Every record should be written out exactly, please.

GIVEN RECORDS:
--- START ---
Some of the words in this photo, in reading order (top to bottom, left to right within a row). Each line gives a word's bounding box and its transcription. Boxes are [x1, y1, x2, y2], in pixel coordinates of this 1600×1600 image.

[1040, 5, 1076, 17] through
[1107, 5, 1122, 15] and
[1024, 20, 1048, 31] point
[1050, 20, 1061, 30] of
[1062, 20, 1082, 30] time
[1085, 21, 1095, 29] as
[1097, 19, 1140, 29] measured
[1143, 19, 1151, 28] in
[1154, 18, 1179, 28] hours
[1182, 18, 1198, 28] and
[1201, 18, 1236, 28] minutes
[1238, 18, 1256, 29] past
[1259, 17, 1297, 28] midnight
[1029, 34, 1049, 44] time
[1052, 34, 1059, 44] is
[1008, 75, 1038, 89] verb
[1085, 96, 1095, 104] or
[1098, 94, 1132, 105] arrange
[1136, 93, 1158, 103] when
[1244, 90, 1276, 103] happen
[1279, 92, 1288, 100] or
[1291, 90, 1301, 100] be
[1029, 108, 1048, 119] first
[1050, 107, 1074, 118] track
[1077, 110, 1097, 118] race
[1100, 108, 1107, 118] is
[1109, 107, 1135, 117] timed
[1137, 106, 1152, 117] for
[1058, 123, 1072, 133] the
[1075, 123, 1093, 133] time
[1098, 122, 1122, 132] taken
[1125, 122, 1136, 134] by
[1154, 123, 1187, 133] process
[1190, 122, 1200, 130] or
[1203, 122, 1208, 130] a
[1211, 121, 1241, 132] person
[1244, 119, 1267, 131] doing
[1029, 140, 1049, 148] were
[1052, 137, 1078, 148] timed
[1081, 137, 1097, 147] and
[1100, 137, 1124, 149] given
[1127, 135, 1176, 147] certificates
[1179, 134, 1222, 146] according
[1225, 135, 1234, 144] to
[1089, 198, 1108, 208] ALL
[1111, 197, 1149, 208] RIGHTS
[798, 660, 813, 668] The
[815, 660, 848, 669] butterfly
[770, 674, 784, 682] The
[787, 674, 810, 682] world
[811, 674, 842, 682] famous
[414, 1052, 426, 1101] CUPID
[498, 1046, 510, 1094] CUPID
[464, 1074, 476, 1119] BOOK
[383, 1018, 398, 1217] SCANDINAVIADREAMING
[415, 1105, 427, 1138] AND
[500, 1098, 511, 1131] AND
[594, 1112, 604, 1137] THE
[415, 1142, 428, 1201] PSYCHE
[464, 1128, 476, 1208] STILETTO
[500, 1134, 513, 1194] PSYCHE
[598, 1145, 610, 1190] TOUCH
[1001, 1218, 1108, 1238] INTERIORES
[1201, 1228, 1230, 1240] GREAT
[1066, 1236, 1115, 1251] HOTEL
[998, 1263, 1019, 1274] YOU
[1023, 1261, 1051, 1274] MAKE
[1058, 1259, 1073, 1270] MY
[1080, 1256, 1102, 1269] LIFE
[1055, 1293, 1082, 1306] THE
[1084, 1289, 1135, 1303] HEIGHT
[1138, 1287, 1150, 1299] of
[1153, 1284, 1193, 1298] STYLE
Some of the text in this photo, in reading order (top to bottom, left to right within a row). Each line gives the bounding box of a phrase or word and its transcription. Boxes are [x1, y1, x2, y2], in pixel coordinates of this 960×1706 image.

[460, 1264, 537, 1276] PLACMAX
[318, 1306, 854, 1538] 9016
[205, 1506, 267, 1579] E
--- END ---
FINAL ANSWER:
Some of the words in this photo, in reading order (top to bottom, left to right within a row). Each line gives a word's bounding box and its transcription. Boxes are [x1, y1, x2, y2], in pixel coordinates of this 1600×1600 image.

[1040, 5, 1076, 17] through
[1107, 5, 1122, 15] and
[1024, 20, 1048, 31] point
[1050, 20, 1061, 30] of
[1062, 20, 1082, 30] time
[1085, 21, 1095, 29] as
[1097, 19, 1140, 29] measured
[1143, 19, 1151, 28] in
[1154, 18, 1179, 28] hours
[1182, 18, 1198, 28] and
[1201, 18, 1236, 28] minutes
[1238, 18, 1256, 29] past
[1259, 17, 1297, 28] midnight
[1029, 34, 1049, 44] time
[1052, 34, 1059, 44] is
[1008, 75, 1038, 89] verb
[1085, 96, 1095, 104] or
[1098, 94, 1132, 105] arrange
[1136, 93, 1158, 103] when
[1244, 90, 1276, 103] happen
[1279, 92, 1288, 100] or
[1291, 90, 1301, 100] be
[1029, 108, 1048, 119] first
[1050, 107, 1074, 118] track
[1077, 110, 1097, 118] race
[1100, 108, 1107, 118] is
[1109, 107, 1135, 117] timed
[1137, 106, 1152, 117] for
[1058, 123, 1072, 133] the
[1075, 123, 1093, 133] time
[1098, 122, 1122, 132] taken
[1125, 122, 1136, 134] by
[1154, 123, 1187, 133] process
[1190, 122, 1200, 130] or
[1203, 122, 1208, 130] a
[1211, 121, 1241, 132] person
[1244, 119, 1267, 131] doing
[1029, 140, 1049, 148] were
[1052, 137, 1078, 148] timed
[1081, 137, 1097, 147] and
[1100, 137, 1124, 149] given
[1127, 135, 1176, 147] certificates
[1179, 134, 1222, 146] according
[1225, 135, 1234, 144] to
[1089, 198, 1108, 208] ALL
[1111, 197, 1149, 208] RIGHTS
[798, 660, 813, 668] The
[815, 660, 848, 669] butterfly
[770, 674, 784, 682] The
[787, 674, 810, 682] world
[811, 674, 842, 682] famous
[414, 1052, 426, 1101] CUPID
[498, 1046, 510, 1094] CUPID
[464, 1074, 476, 1119] BOOK
[383, 1018, 398, 1217] SCANDINAVIADREAMING
[415, 1105, 427, 1138] AND
[500, 1098, 511, 1131] AND
[594, 1112, 604, 1137] THE
[415, 1142, 428, 1201] PSYCHE
[464, 1128, 476, 1208] STILETTO
[500, 1134, 513, 1194] PSYCHE
[598, 1145, 610, 1190] TOUCH
[1001, 1218, 1108, 1238] INTERIORES
[1201, 1228, 1230, 1240] GREAT
[1066, 1236, 1115, 1251] HOTEL
[998, 1263, 1019, 1274] YOU
[1023, 1261, 1051, 1274] MAKE
[1058, 1259, 1073, 1270] MY
[1080, 1256, 1102, 1269] LIFE
[1055, 1293, 1082, 1306] THE
[1084, 1289, 1135, 1303] HEIGHT
[1138, 1287, 1150, 1299] of
[1153, 1284, 1193, 1298] STYLE
Some of the text in this photo, in reading order (top to bottom, left to right within a row). Each line gives the bounding box of a phrase or word and its transcription. Boxes are [x1, y1, x2, y2], in pixel coordinates of this 960×1706 image.

[460, 1264, 537, 1276] PLACMAX
[318, 1306, 854, 1538] 9016
[205, 1506, 267, 1579] E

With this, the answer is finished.